Wally was a natural.  We put together teams to handle different problems that the contest offered.  Wally always got chosen last for teams in real life, but nerd class was different.  The other two boys, H. G. Ruff and Jack Penny immediately recruited Wally for their team.  They chose the project where you had to design and build a balsa-wood structure to hold up as much weight as possible while you present a creative narration of the unfolding event.  H.G. and Jack cooked up the two-headed narrator idea, sewed the costume where they could both get into the same shirt and pair of pants to provide the two wise-cracking heads.  They left it entirely up to Wally to design the structure.  This he did brilliantly, a cone of balsa bits with numerous cross beams to hold up weight, and super-glue to hold it all together.

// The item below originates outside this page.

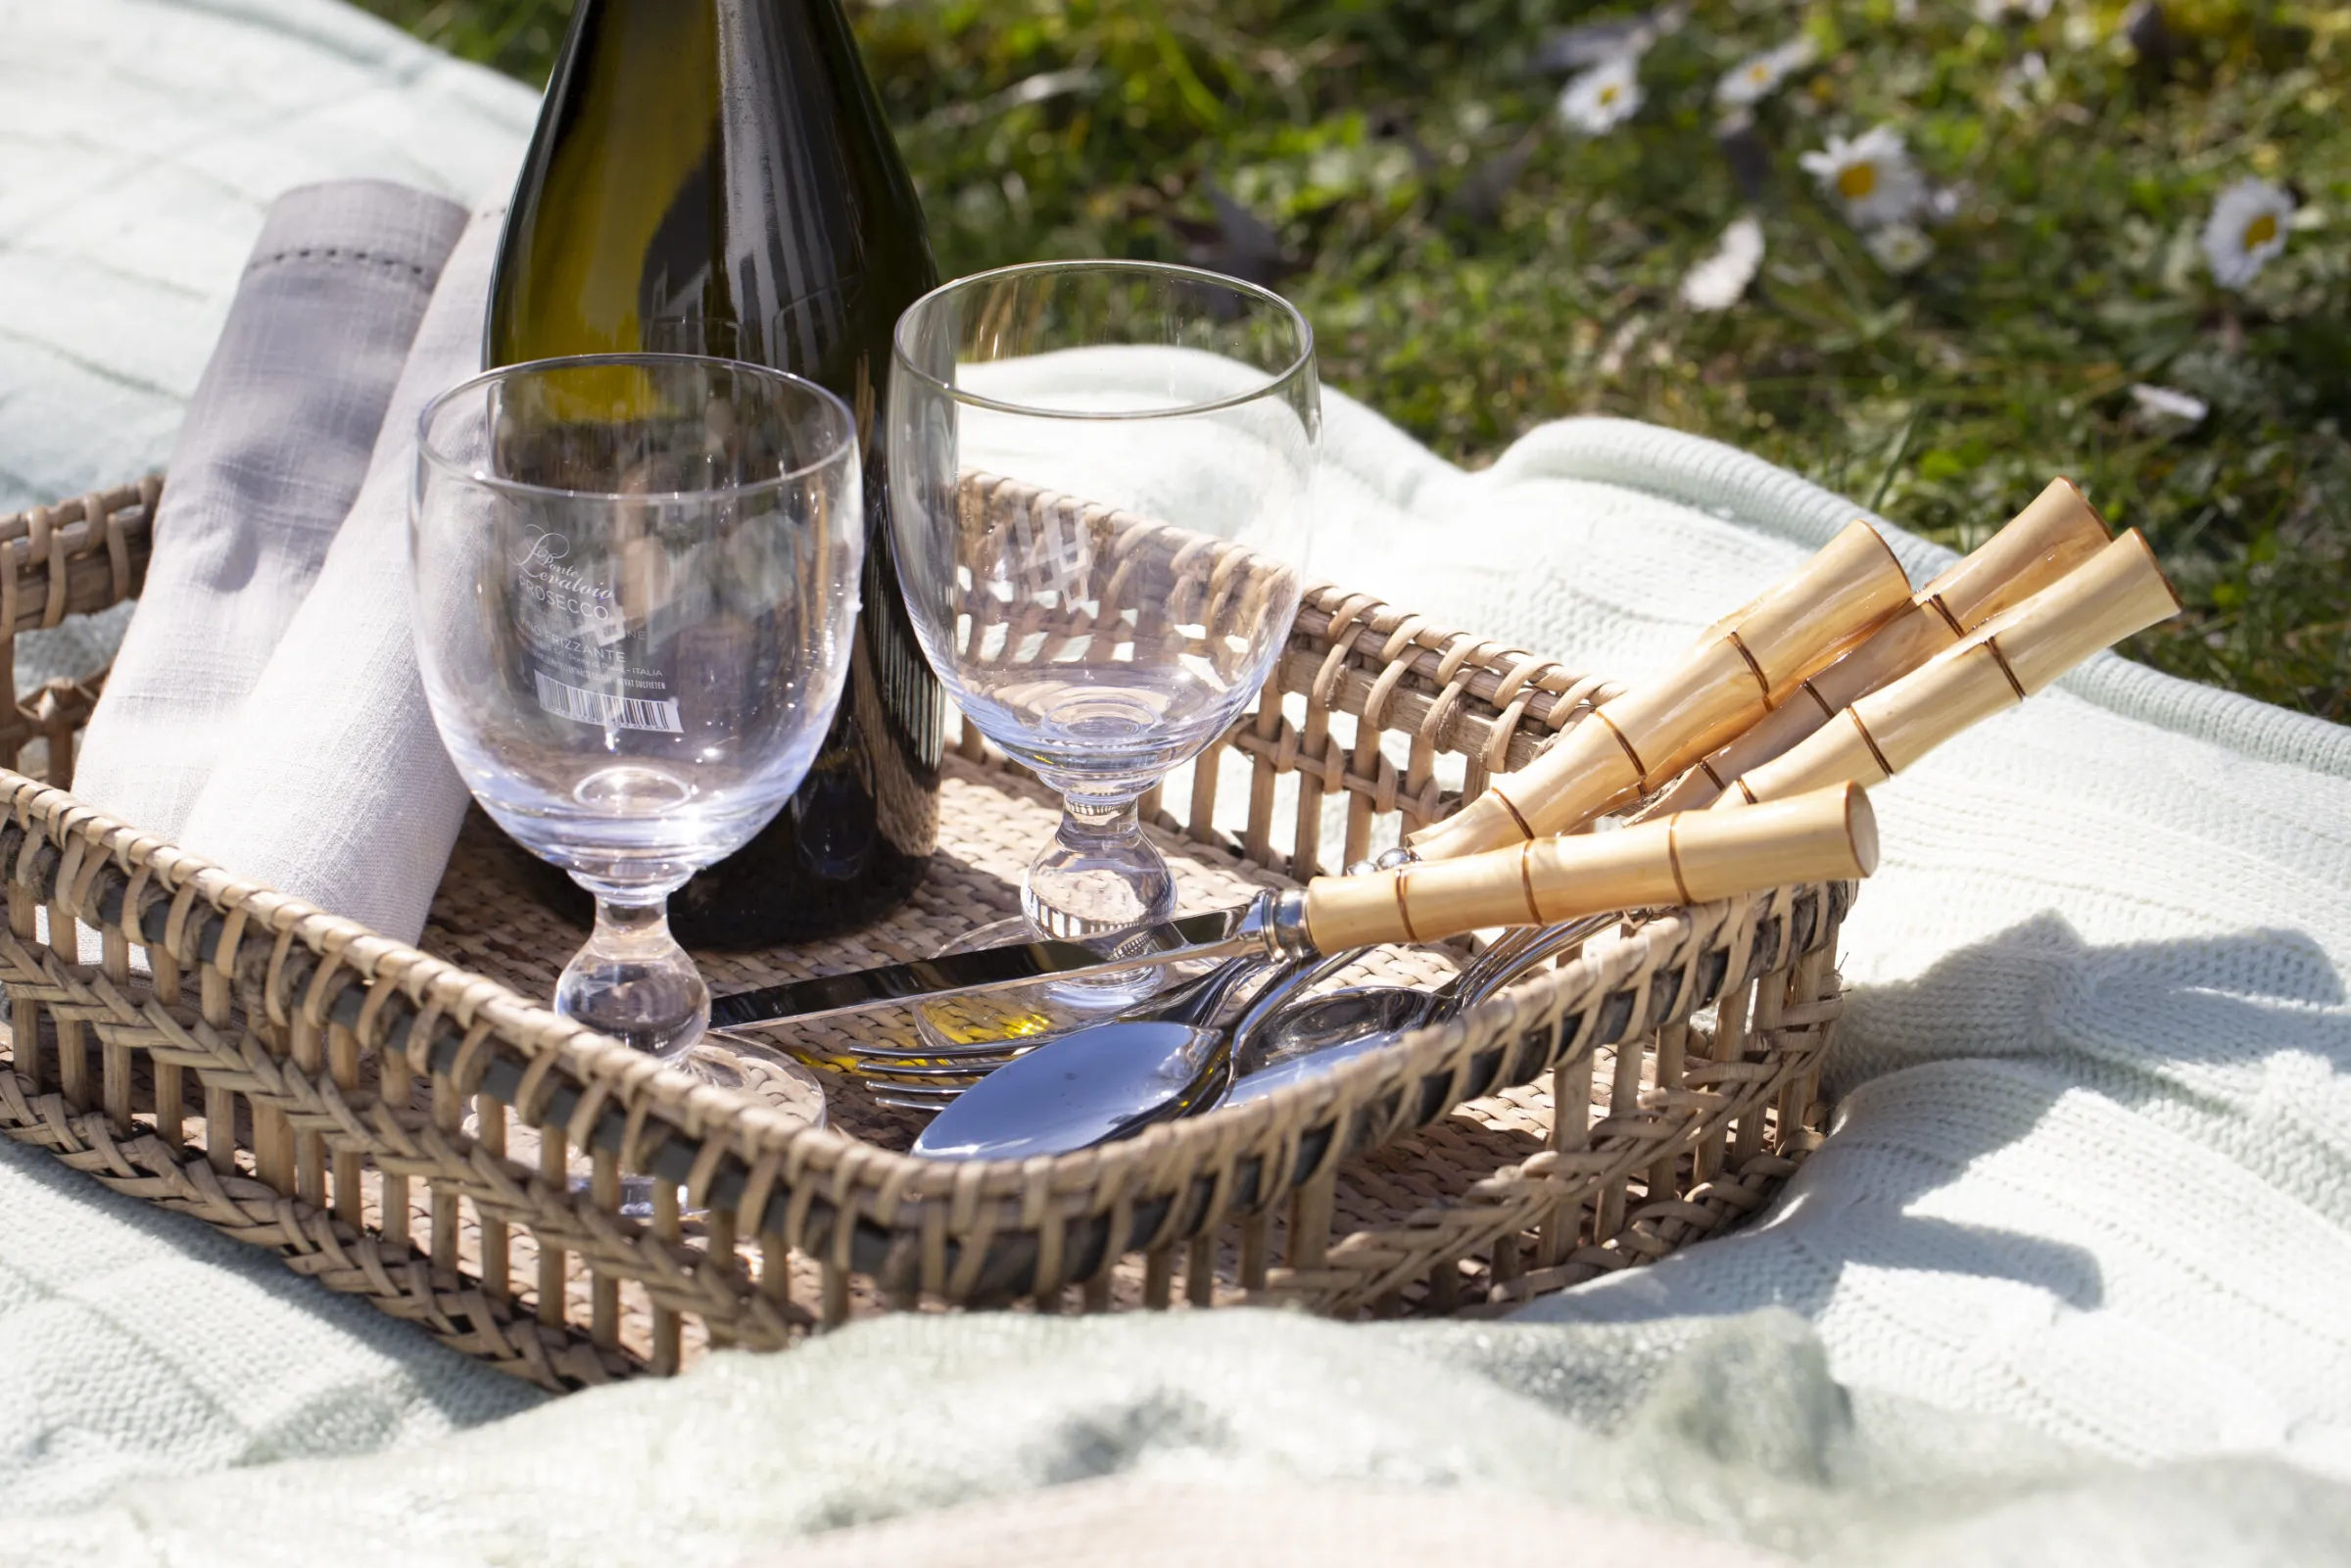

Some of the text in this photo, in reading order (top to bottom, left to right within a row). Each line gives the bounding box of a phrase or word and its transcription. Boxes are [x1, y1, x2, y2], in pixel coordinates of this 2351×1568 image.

We went all the way to Del Rio for the regional contest.  The performance was supposed to build suspense  as the team (basically meaning Wally) piled up increasingly heavy weights on the structure, trying not to crush it.  The other competing teams went ahead of us, the first one crushing their rig almost immediately, and having to hope their song-and-dance routine would fill out the rest of the time limit.  The team that had the best reputation managed to pile on only two pounds ten ounces before their structure collapsed.  That was a full eight pounds less than they supposedly had piled on in practice.  We started our performance with H.G. and Jack already gloating over the win.

The two headed narrator cracked some of the best jokes H.G. had ever written.  (I had nixed all of the jokes Jack contributed.  He was a master of scatological humor, and we knew ahead of time that event judges were all female.)  Wally had two pounds already balanced on the structure.  And then, his enthusiasm failed him.  Instead of adding the five-ounce weights the way the other team had, he tried to put on a whole pound more with one weight.  Over-confidence killed it.  The balsa wood cracked and gave out.  H.G. forgot two thirds of his remaining lines, and we ended up short of the minimum time limit, too.  We lost by ten ounces, which when translated into the complex scoring system, meant we narrowly lost over all.  Second place and no trip to the State tournament.

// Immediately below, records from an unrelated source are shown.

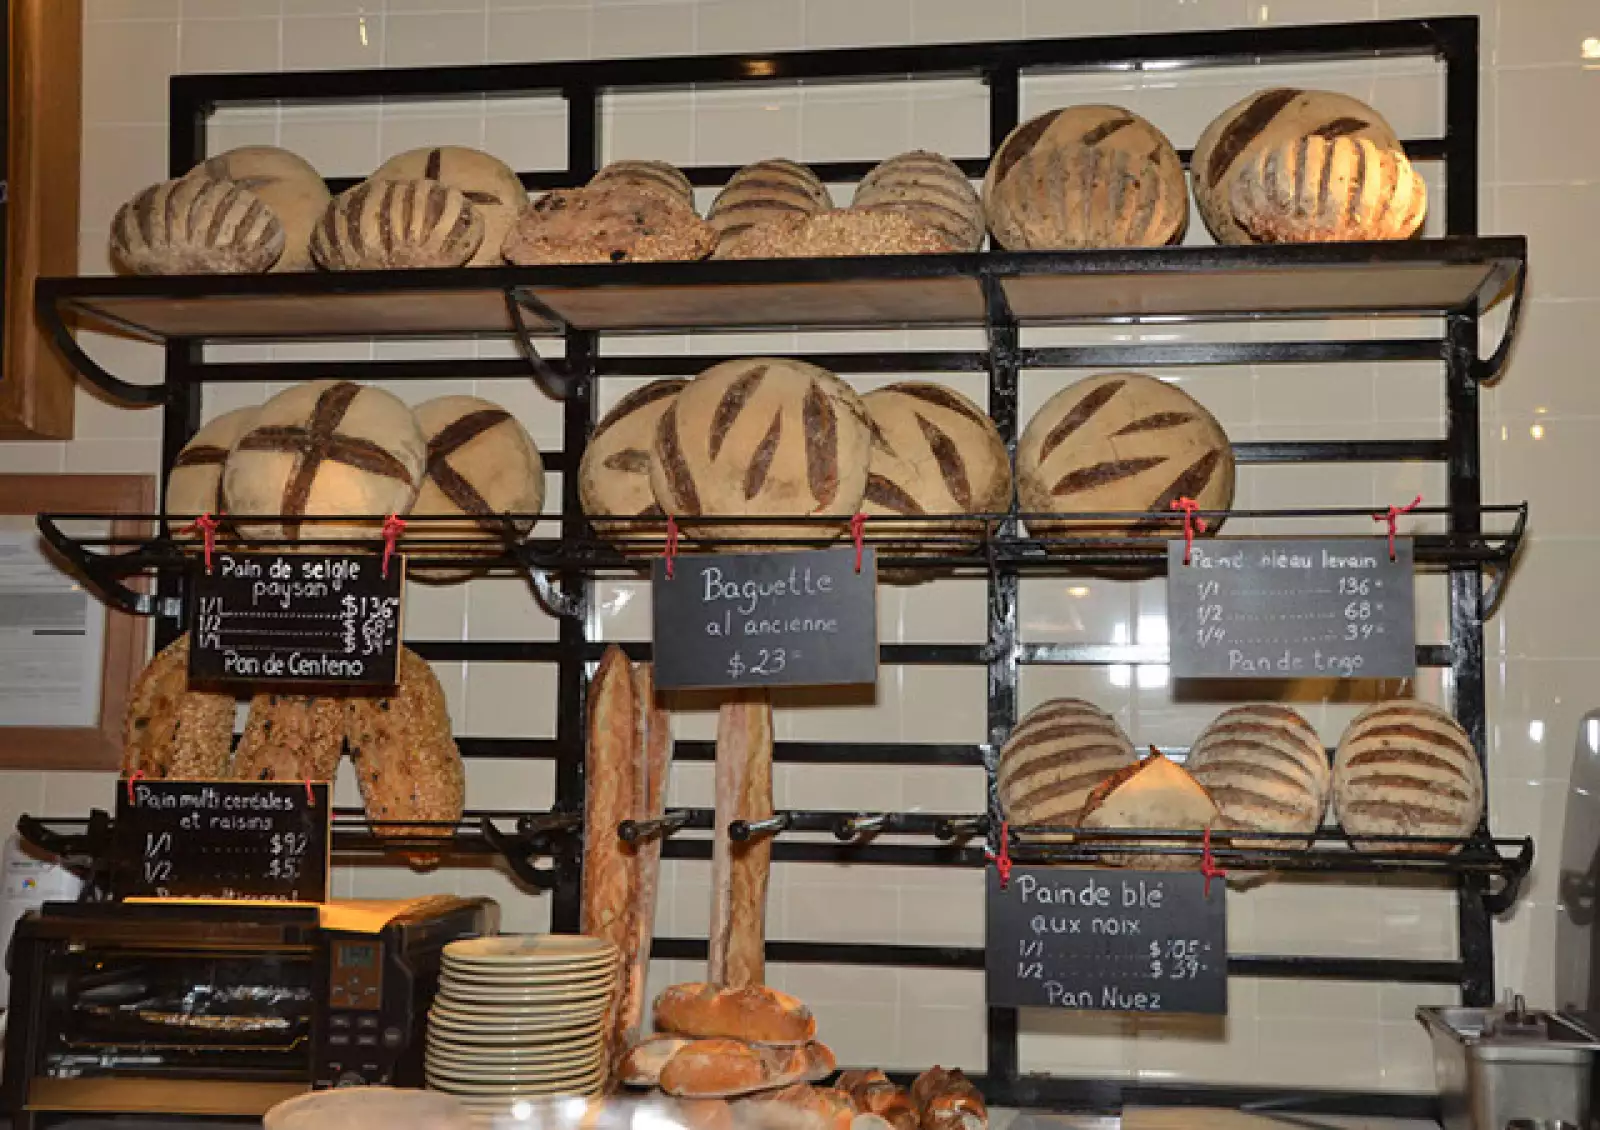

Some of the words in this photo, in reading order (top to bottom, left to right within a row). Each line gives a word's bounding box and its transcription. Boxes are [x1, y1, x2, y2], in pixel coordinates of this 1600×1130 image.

[219, 555, 262, 579] Pain
[269, 557, 292, 579] de
[252, 581, 328, 608] paysan
[701, 566, 835, 615] Baguette
[743, 618, 839, 636] ancienne
[223, 650, 261, 675] Pan
[263, 652, 285, 676] de
[288, 651, 364, 676] Centeno
[1229, 649, 1272, 671] Pan
[1276, 650, 1304, 672] de
[135, 784, 176, 810] Pain
[179, 811, 201, 830] et
[1121, 879, 1164, 909] blé
[1030, 914, 1081, 936] aux
[1091, 916, 1142, 936] noix
[1043, 979, 1094, 1008] Pan
[1101, 984, 1162, 1010] Nuez

The other boys blamed Wally for the loss, though they hadn’t really pulled off their part either.  The worst part was that Wally blamed himself.

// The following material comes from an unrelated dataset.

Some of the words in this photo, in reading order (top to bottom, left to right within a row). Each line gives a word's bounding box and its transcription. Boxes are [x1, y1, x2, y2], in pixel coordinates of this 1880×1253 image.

“It’s my darn fault, Mr. B,” he told me with tears in his eyes.

“You got us this far, Wally.  You did a good job.  You built the actual structure.”

“Jack and H.G. are gonna keep on calling me Wally Weasley and making fun of me in front of the girls.”

“In many ways, you are more like Harry Potter,” I said.  “You have more magical ability in you than they will ever have.  You just have to keep believing in yourself.”

He grinned at me with that goofy grin of his.  “I know.  One day I will be able to turn H.G. into a frog.”

If I ever did anything to teach that boy something he didn’t already know, I don’t know what it could be.  One day he will create a cure for cancer, or explore the surface of Mars, and I will have not had any sort of hand in it in any way.  He was a diamond in the rough, and I simply wasn’t capable of polishing a diamond like that.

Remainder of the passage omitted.